:: REQUIRED WORK ::
Would you reproduce each of the records below precisely, with the pictures left out?

:: THE INPUT ::
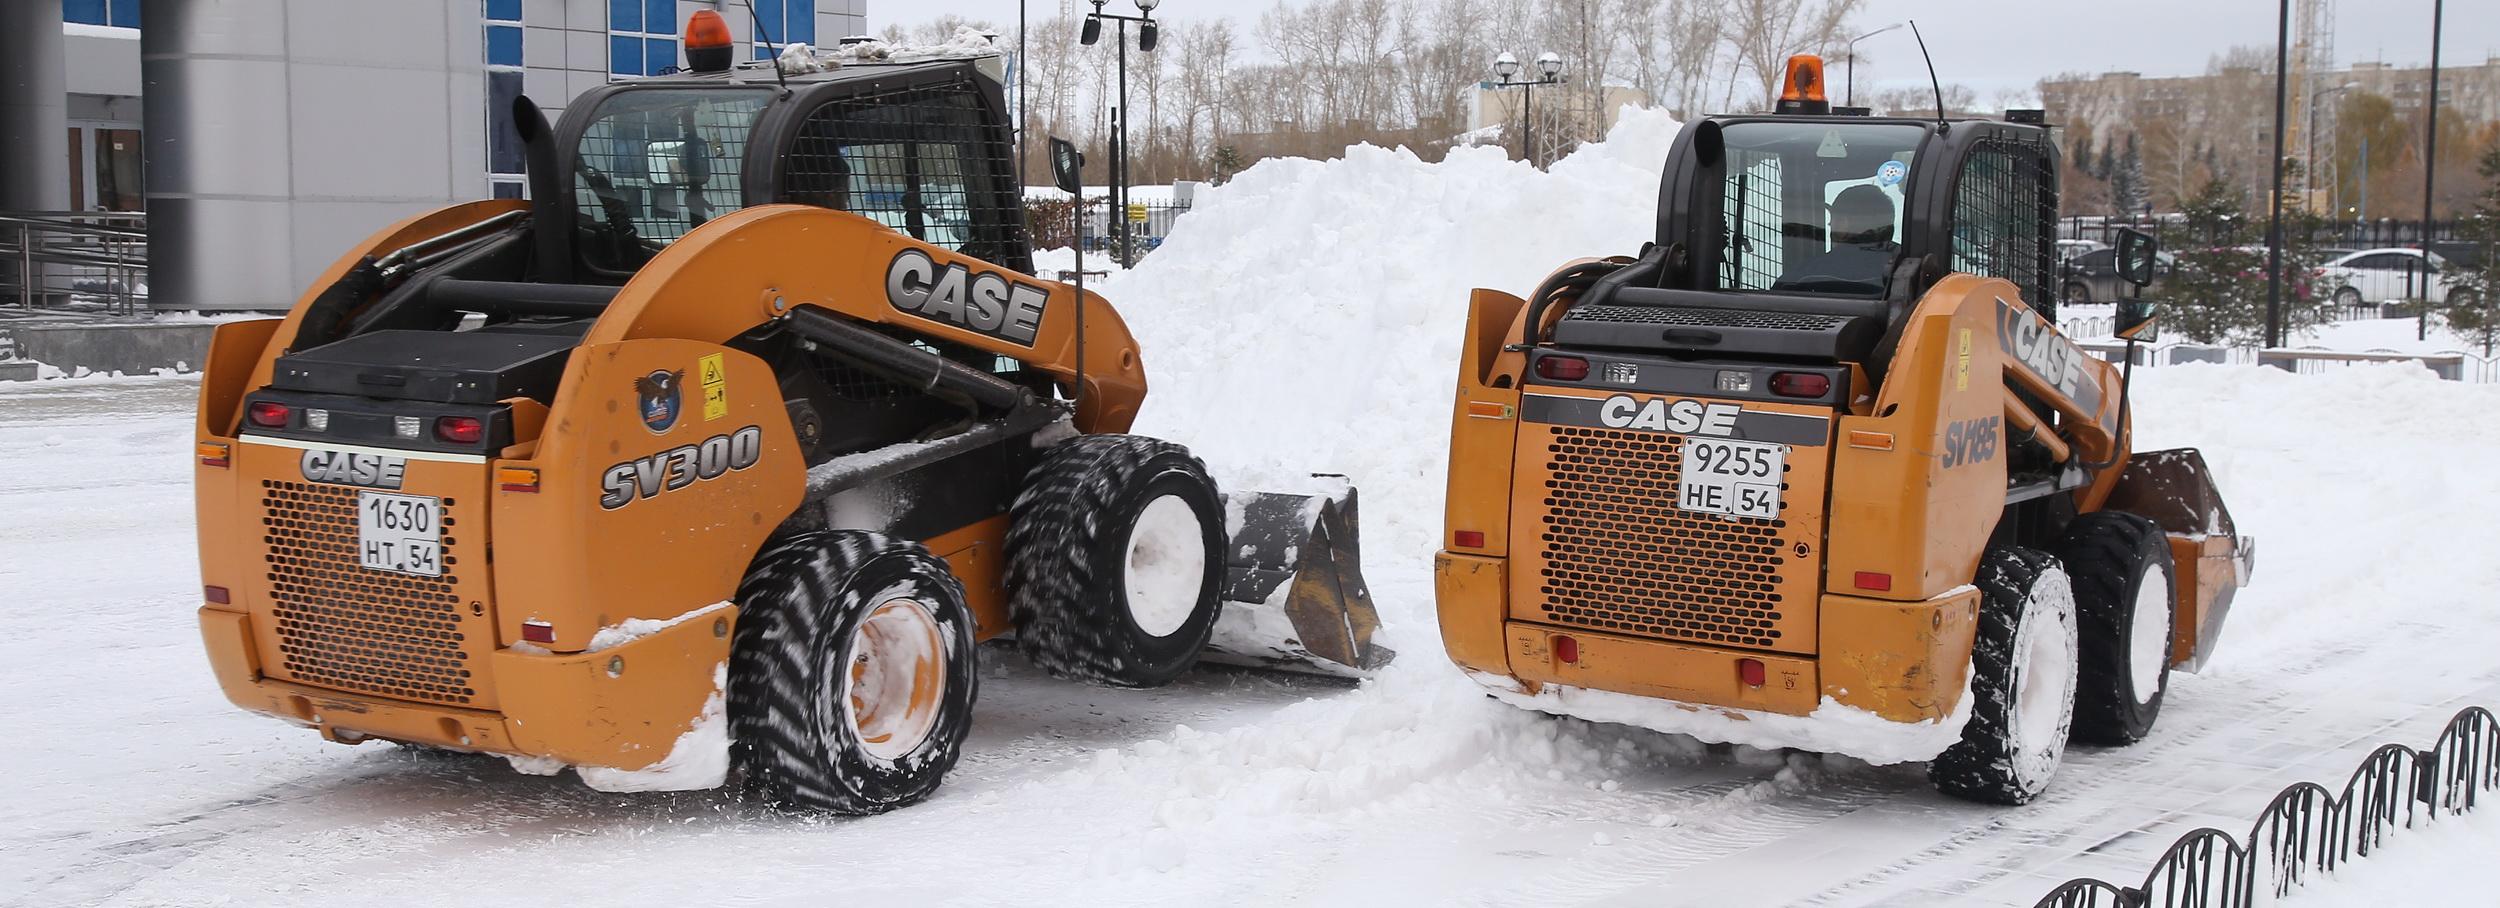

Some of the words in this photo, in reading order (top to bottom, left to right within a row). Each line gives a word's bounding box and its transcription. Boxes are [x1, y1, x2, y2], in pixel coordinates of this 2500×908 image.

[886, 249, 1048, 343] CASE
[2015, 309, 2083, 398] CASE
[1600, 394, 1741, 436] CASE
[1694, 443, 1771, 478] 9255
[1943, 416, 1998, 469] SV185
[301, 449, 406, 488] CASE
[600, 426, 764, 510] SV300
[370, 498, 429, 532] 1630
[1740, 489, 1770, 514] 54
[410, 545, 433, 571] 54
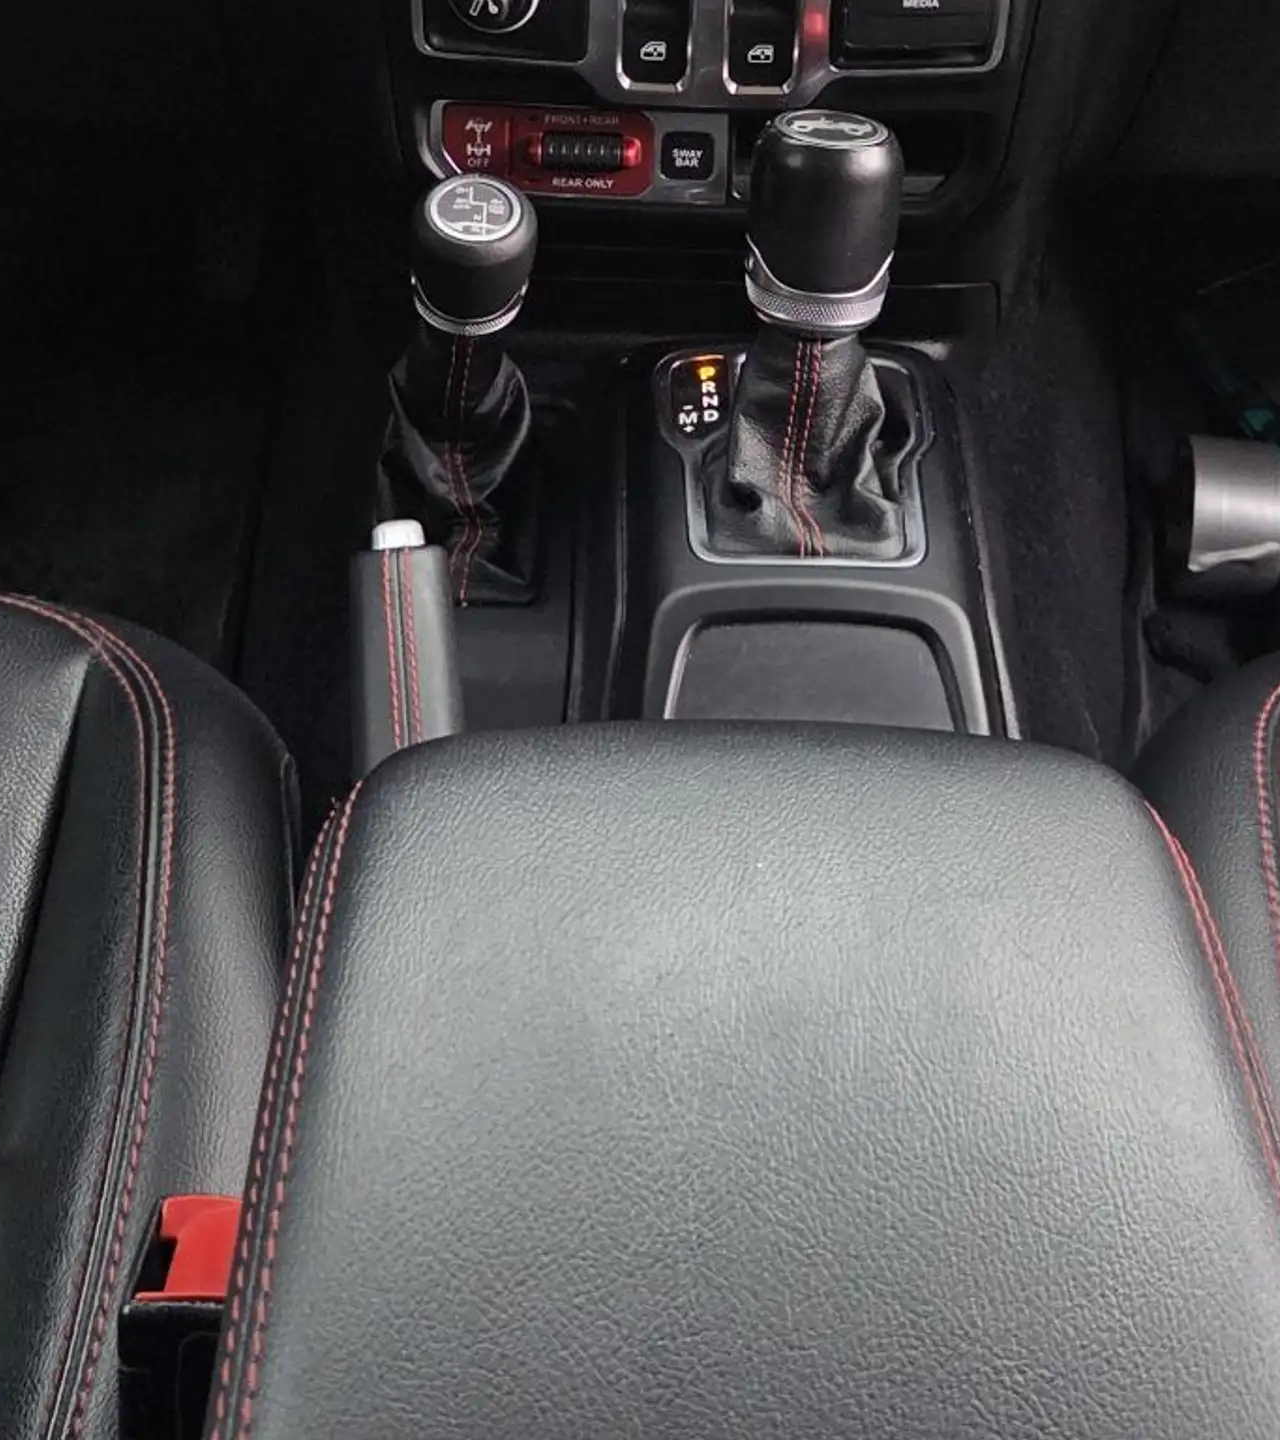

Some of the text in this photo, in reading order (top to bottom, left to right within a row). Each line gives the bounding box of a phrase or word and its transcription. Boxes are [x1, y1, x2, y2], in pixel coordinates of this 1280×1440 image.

[672, 148, 703, 159] SWAY
[675, 157, 699, 168] BAR
[552, 177, 613, 190] REAR ONLY
[700, 366, 716, 380] P
[702, 381, 716, 393] R
[702, 394, 718, 408] N
[679, 411, 698, 425] M
[703, 409, 719, 422] D
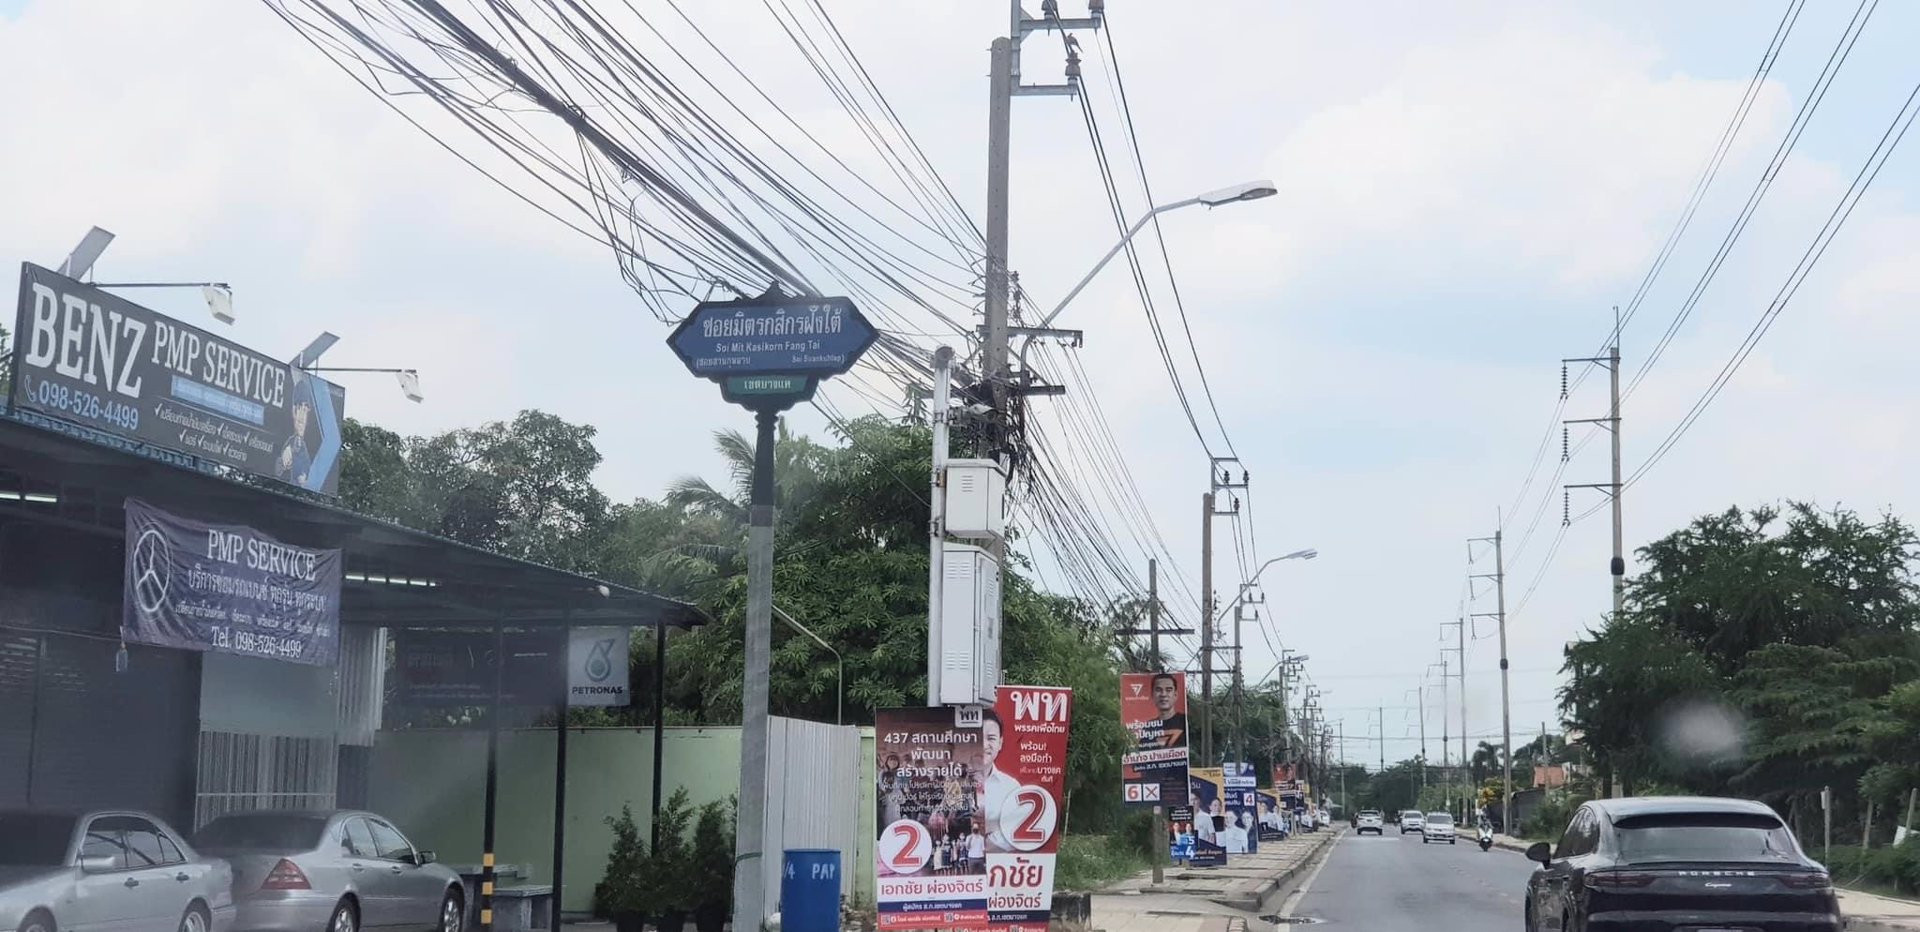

:: OUTPUT OF THE TASK ::
Some of the words in this photo, in reading order (top to bottom, left to right within a row). Each line gives a word's bounding box and its transcription. Boxes are [x1, y1, x2, y2], in pixel coordinates of this 2500×908 image.

[886, 249, 1048, 343] CASE
[2015, 309, 2083, 398] CASE
[1600, 394, 1741, 436] CASE
[1694, 443, 1771, 478] 9255
[1943, 416, 1998, 469] SV185
[301, 449, 406, 488] CASE
[600, 426, 764, 510] SV300
[370, 498, 429, 532] 1630
[1740, 489, 1770, 514] 54
[410, 545, 433, 571] 54

Some of the text in this photo, in reading order (top to bottom, left to right within a row). Each line gives the bounding box of a phrase or word and its transcription. Boxes are [x1, y1, x2, y2], in pixel coordinates of this 1280×1440 image.

[672, 148, 703, 159] SWAY
[675, 157, 699, 168] BAR
[552, 177, 613, 190] REAR ONLY
[700, 366, 716, 380] P
[702, 381, 716, 393] R
[702, 394, 718, 408] N
[679, 411, 698, 425] M
[703, 409, 719, 422] D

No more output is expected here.